***** DATASET EXCERPTS *****

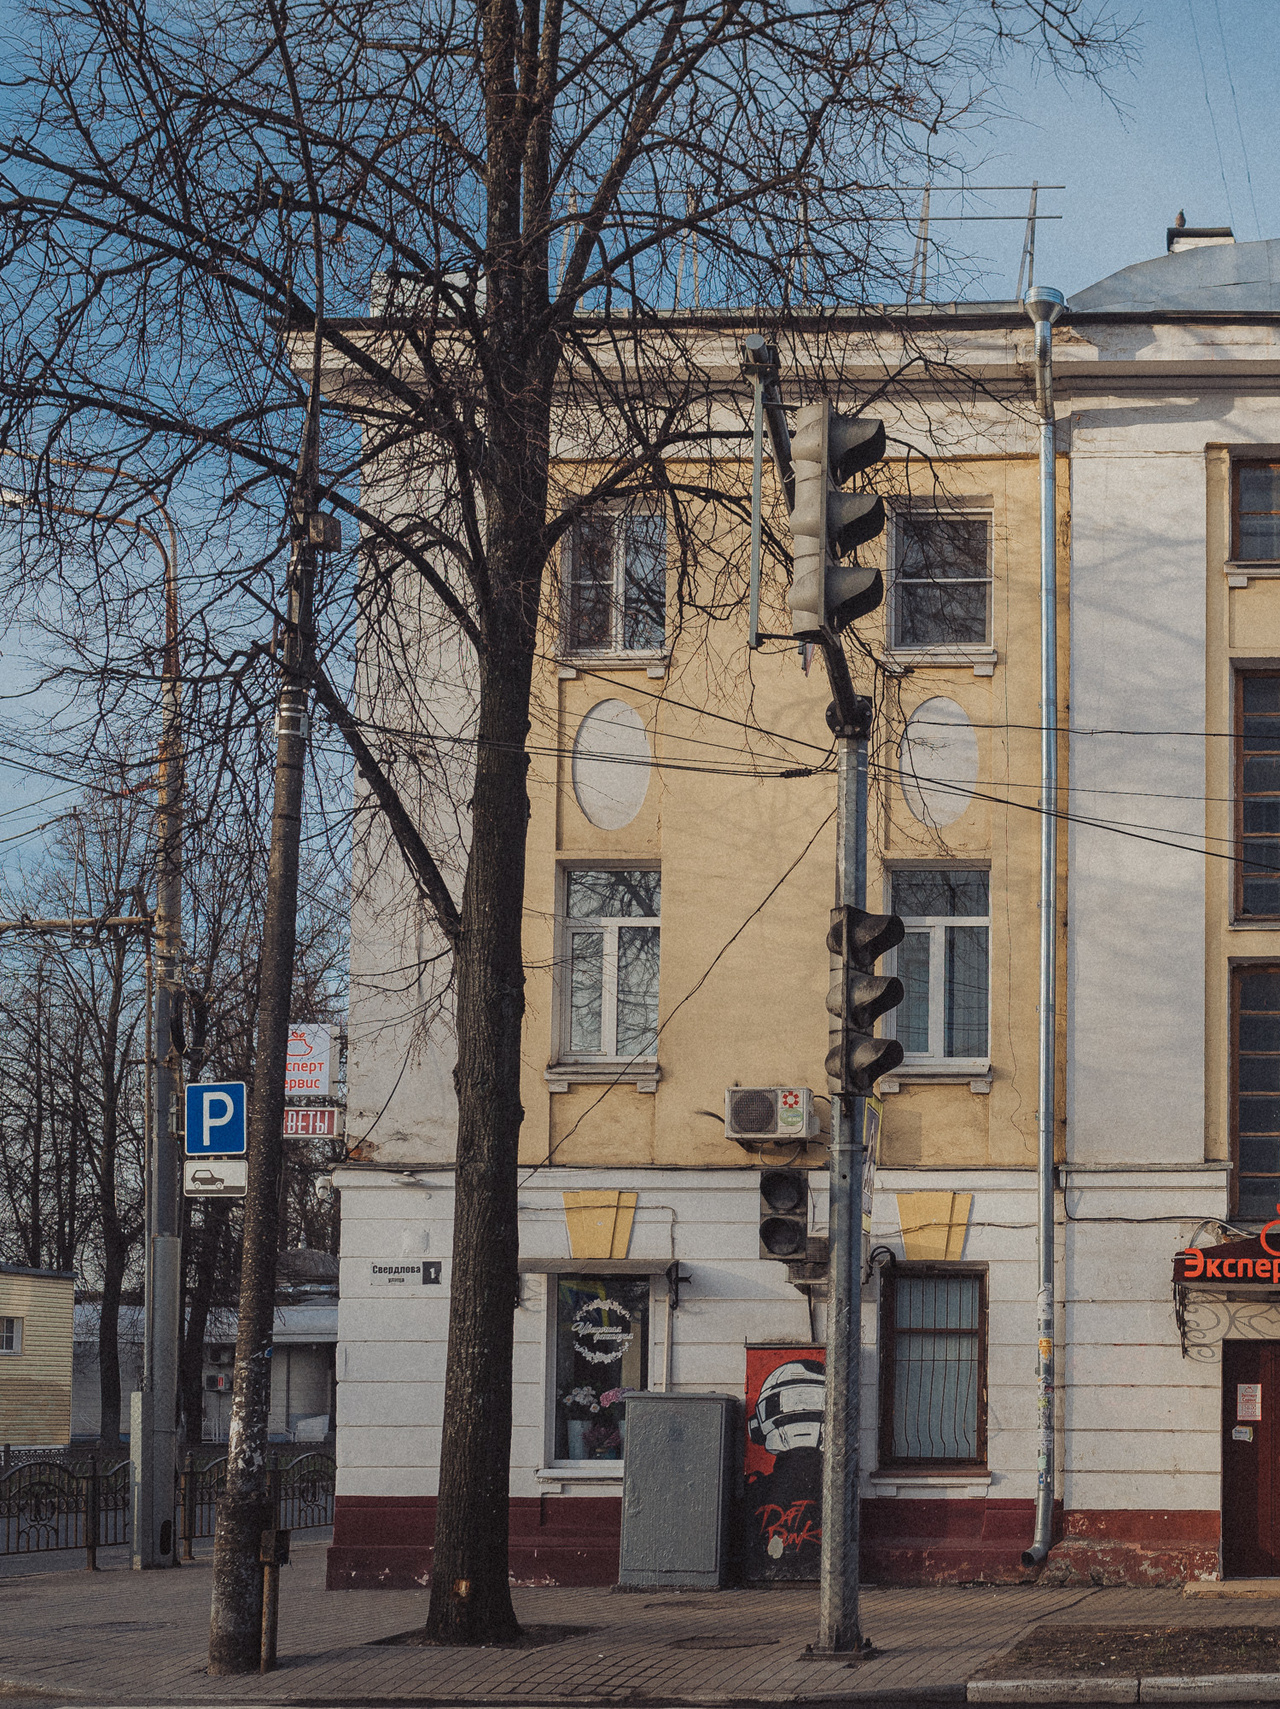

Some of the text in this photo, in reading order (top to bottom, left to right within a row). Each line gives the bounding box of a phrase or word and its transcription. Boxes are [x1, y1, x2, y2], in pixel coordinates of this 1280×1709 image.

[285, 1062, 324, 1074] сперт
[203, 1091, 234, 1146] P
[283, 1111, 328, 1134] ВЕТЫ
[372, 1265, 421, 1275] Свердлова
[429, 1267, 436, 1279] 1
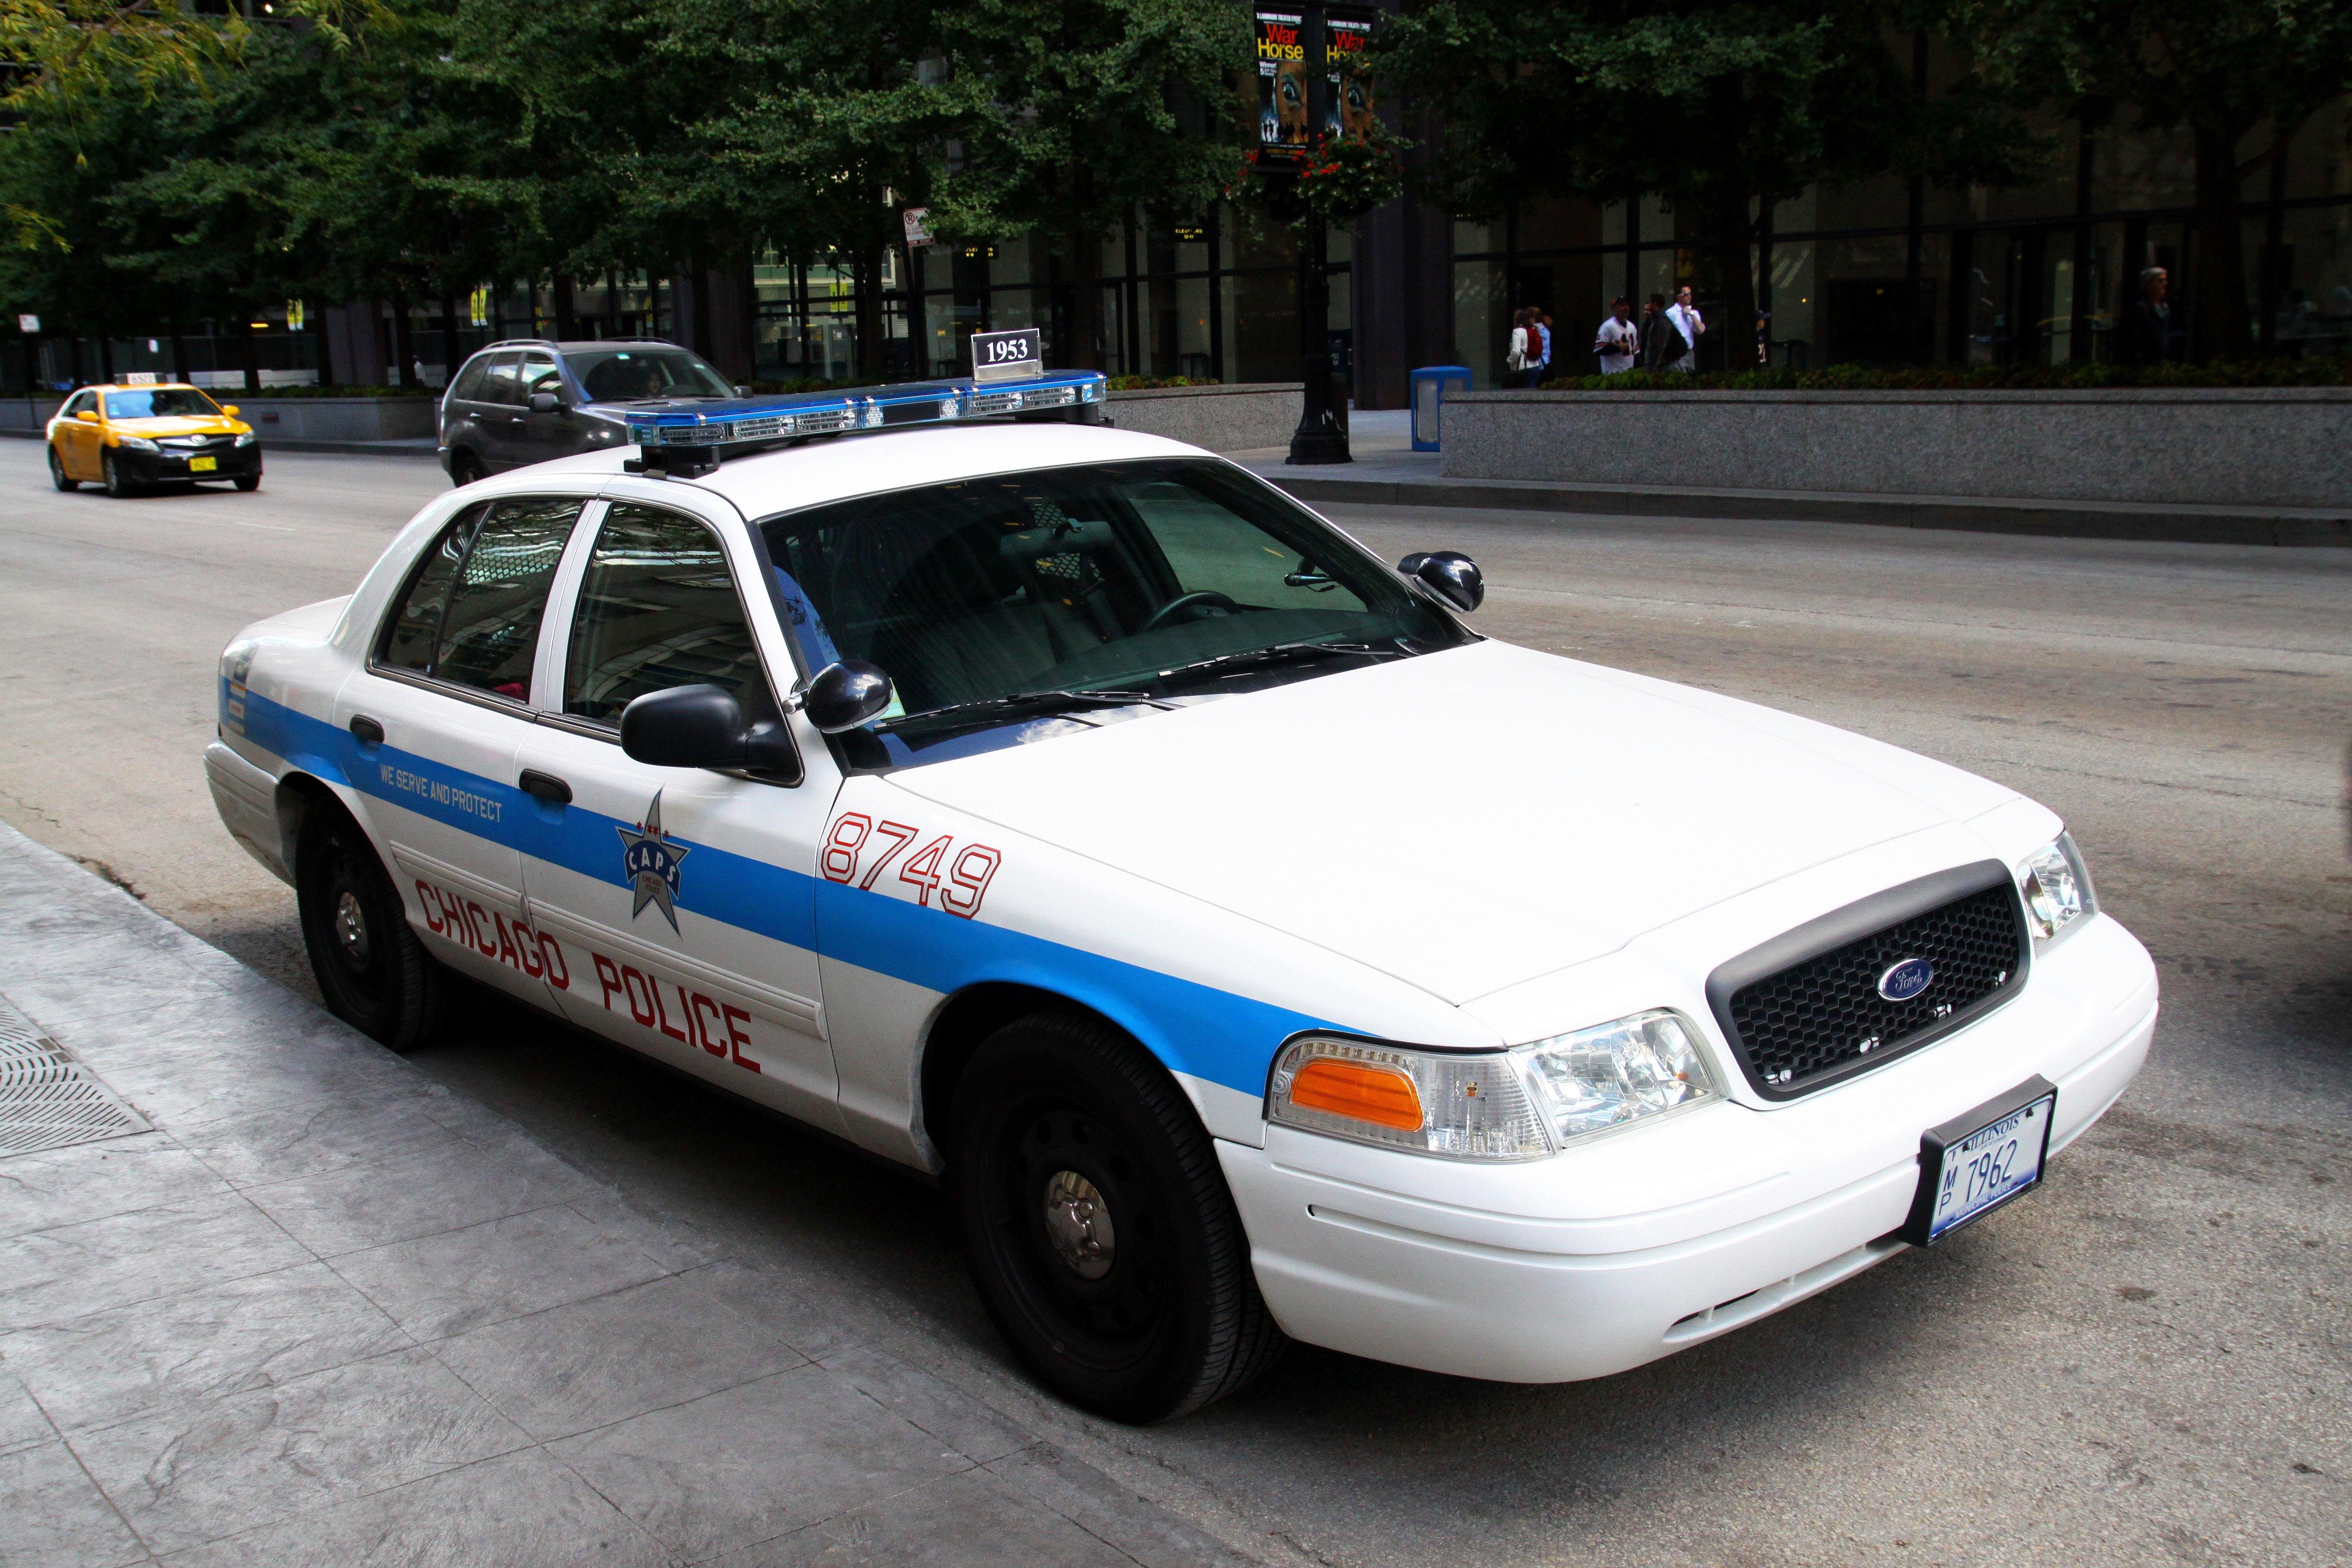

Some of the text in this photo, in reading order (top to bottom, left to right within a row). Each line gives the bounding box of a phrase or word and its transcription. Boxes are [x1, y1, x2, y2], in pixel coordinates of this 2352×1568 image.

*****

Print each line above exactly as it appears, excluding all images.

**ANSWER**
Some of the text in this photo, in reading order (top to bottom, left to right within a row). Each line gives the bounding box of a phrase or word and its transcription. Boxes are [x1, y1, x2, y2], in pixel coordinates of this 1280×1709 image.

[285, 1062, 324, 1074] сперт
[203, 1091, 234, 1146] P
[283, 1111, 328, 1134] ВЕТЫ
[372, 1265, 421, 1275] Свердлова
[429, 1267, 436, 1279] 1

Some of the text in this photo, in reading order (top to bottom, left to right within a row). Each line gives the bounding box of a phrase or word and its transcription. Boxes are [x1, y1, x2, y2], in pixel coordinates of this 2352×1568 image.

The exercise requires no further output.